Out For a Walk

A man is out for a walk in his neighborhood in an affluent niche of Silicon Valley, a lovely historic district home to a vibrant downtown scene, surrounded by loads of charming old homes lovingly restored and maintained, interspersed with attractive new construction here and there. It’s late afternoon on a bright, sunny day.

As he approaches the driveway of a downtown parking lot, a police car screeches out in front of him, blocking his way; he notices a shadow on the sidewalk in front of him cast by a police officer rushing up from behind, shouting at him. Several other police officers run up from different directions, all shouting at him.

As you might imagine, the man is now frightened, perplexed and shaking. The fight or flight response engages, but he stands his ground. The police are agitated. Tensions are running high.

The first police officer is shouting, “Are you deaf or something? I’ve been calling for you to stop,” to which the man replies, “I am hearing impaired, I didn’t hear you. I can’t hear someone calling to me from behind.”

The man speaks clearly and without an obvious speech impediment. The cop regards him suspiciously. The man gestures to the hearing aids in both ears as proof of his claim.

Another of the cops, angry and belligerent, gets right up in the man’s face. “Are those things in your ears turned up now? We need to talk to you!”

The angry questioning that follows reveals that the man fits the general description of someone reported by a local business several blocks away for causing trouble.

The police demand ID. The man doesn’t have any with him; he merely stepped out for a walk for some exercise. He’s only blocks from his home. He offers to accompany the police officers to his apartment to produce ID. They decline, instead demanding to know his name so they can run it through their system. The system returns no record of warrants or offenses.

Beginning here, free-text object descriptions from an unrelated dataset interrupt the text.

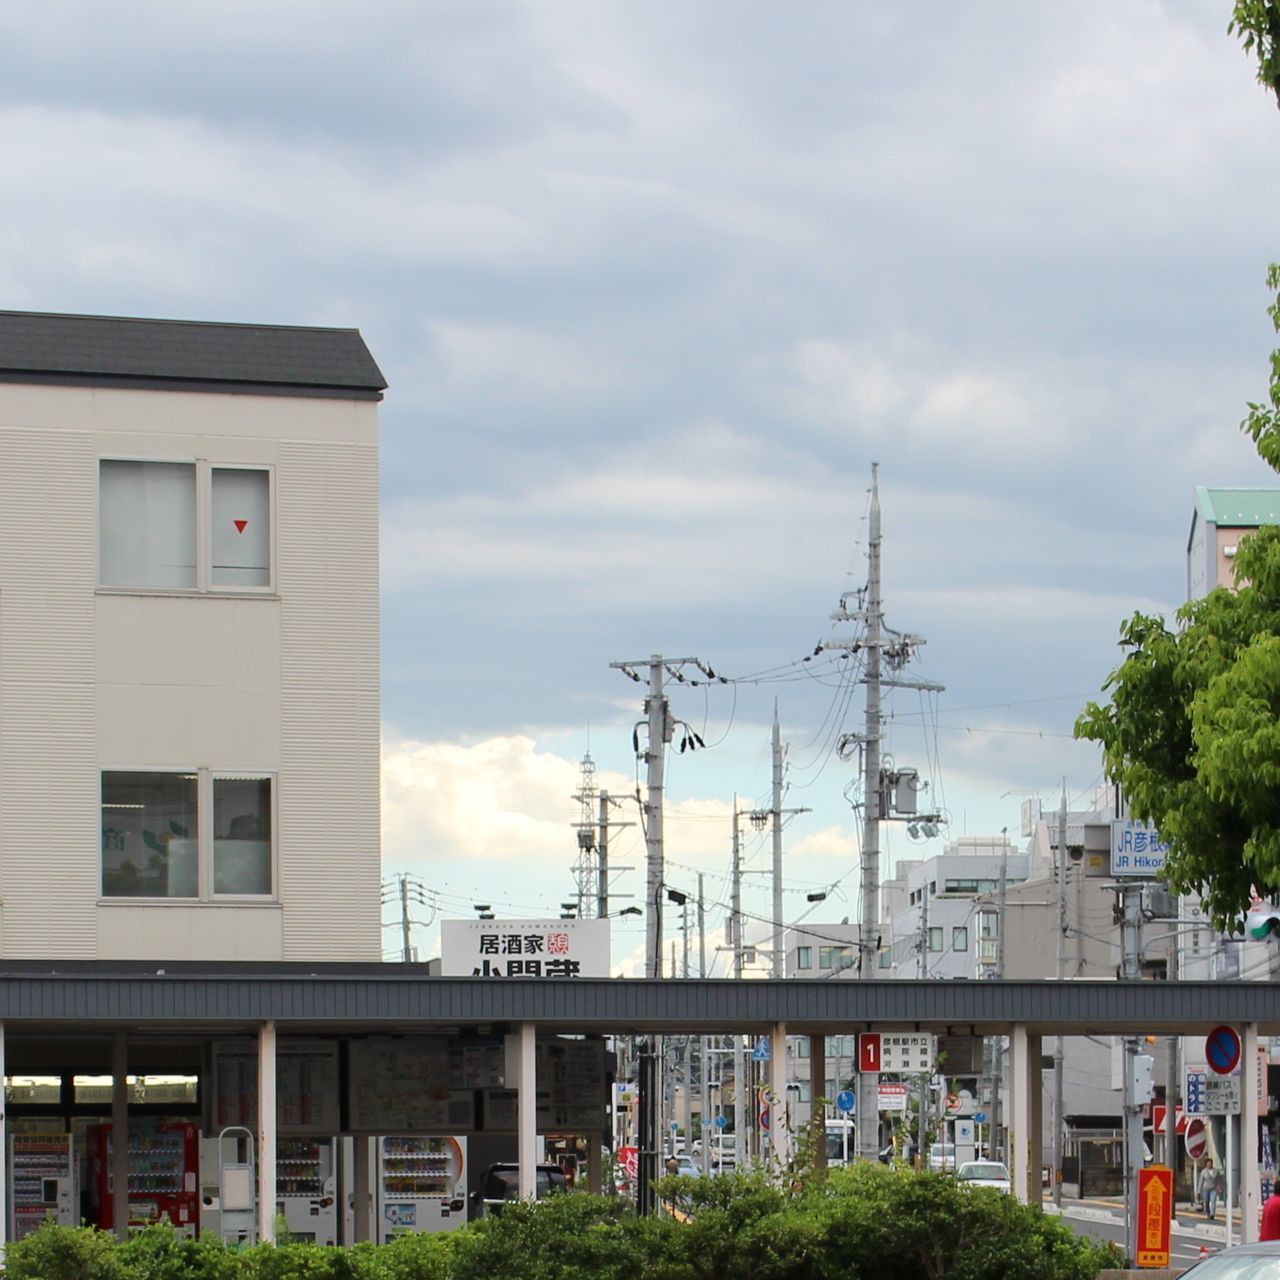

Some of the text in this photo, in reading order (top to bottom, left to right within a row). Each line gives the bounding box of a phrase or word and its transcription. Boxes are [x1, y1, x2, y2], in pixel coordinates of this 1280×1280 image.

[1117, 830, 1169, 853] JR彦根
[1115, 855, 1129, 868] JR
[479, 933, 545, 955] 居酒家
[883, 1037, 928, 1046] 彦根駅市立
[866, 1043, 875, 1064] 1
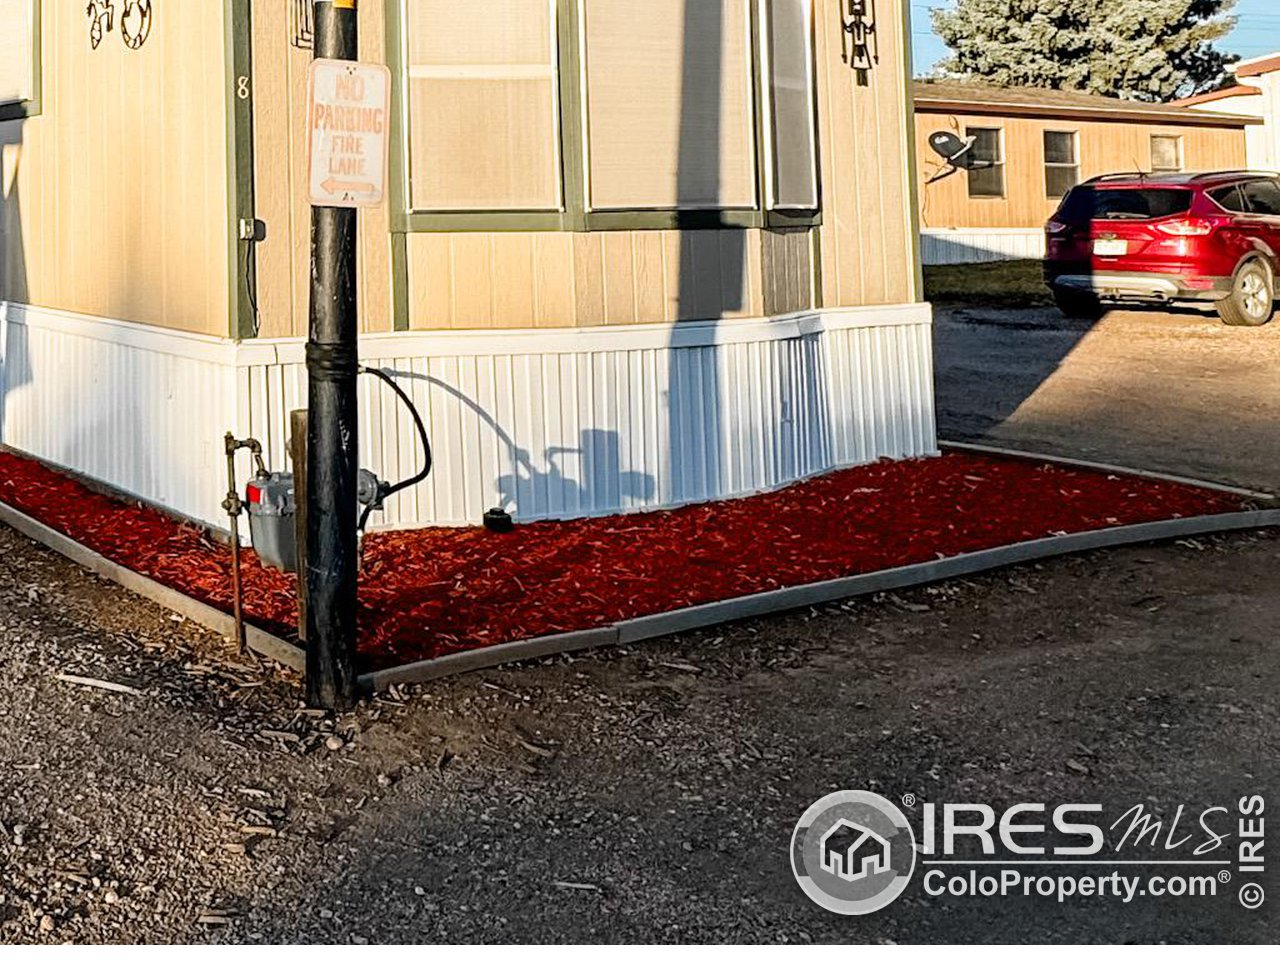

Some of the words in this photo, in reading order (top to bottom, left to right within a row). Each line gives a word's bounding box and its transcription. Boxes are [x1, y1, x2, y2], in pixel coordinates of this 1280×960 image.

[238, 75, 249, 99] 8
[336, 74, 365, 101] NO
[314, 103, 383, 134] PARKING
[332, 135, 364, 155] FIRE
[328, 156, 367, 176] LANE
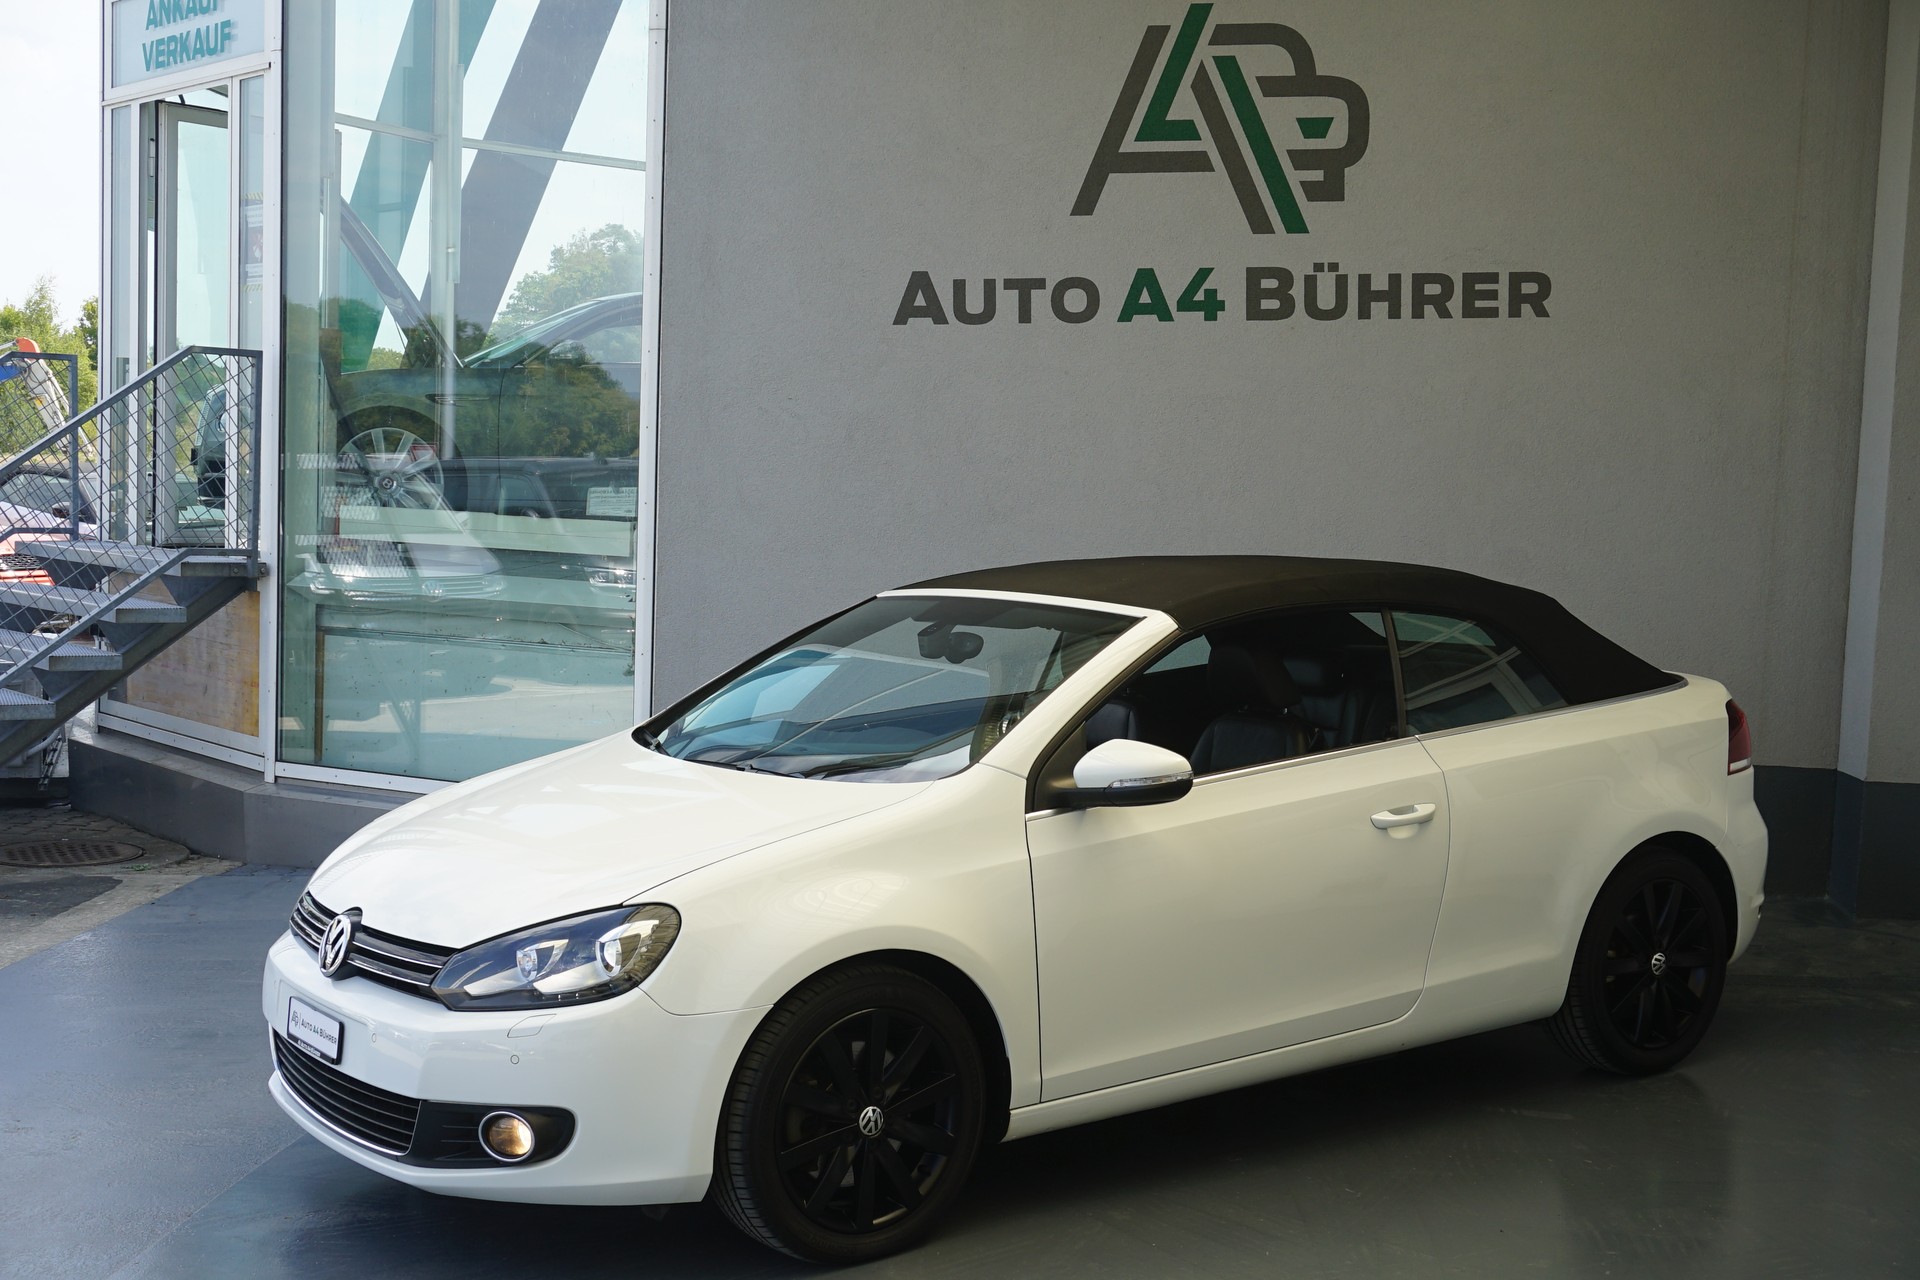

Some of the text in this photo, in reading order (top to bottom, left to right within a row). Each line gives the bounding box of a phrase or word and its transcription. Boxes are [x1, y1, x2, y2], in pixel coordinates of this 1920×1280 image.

[142, 19, 232, 72] VERKAUF
[892, 262, 1552, 326] AUTO A4 BÜHRER

Unable to determine that he’s the culprit, the police tersely dismiss him. Too shaken to continue his walk, he returns home to process what just happened to him. The scene replays over and over in his mind. Anger, fear, confusion, frustration.

To this day, recalling the incident causes him a physical reaction; shaking, elevated heart rate. His flight reaction still engages.

As you may have guessed by now, I was that man. I’ve been thinking a lot lately about how that situation might have turned out if my skin was a different color. Would I be here to tell my story? If not, how would it be told by the survivors and the media?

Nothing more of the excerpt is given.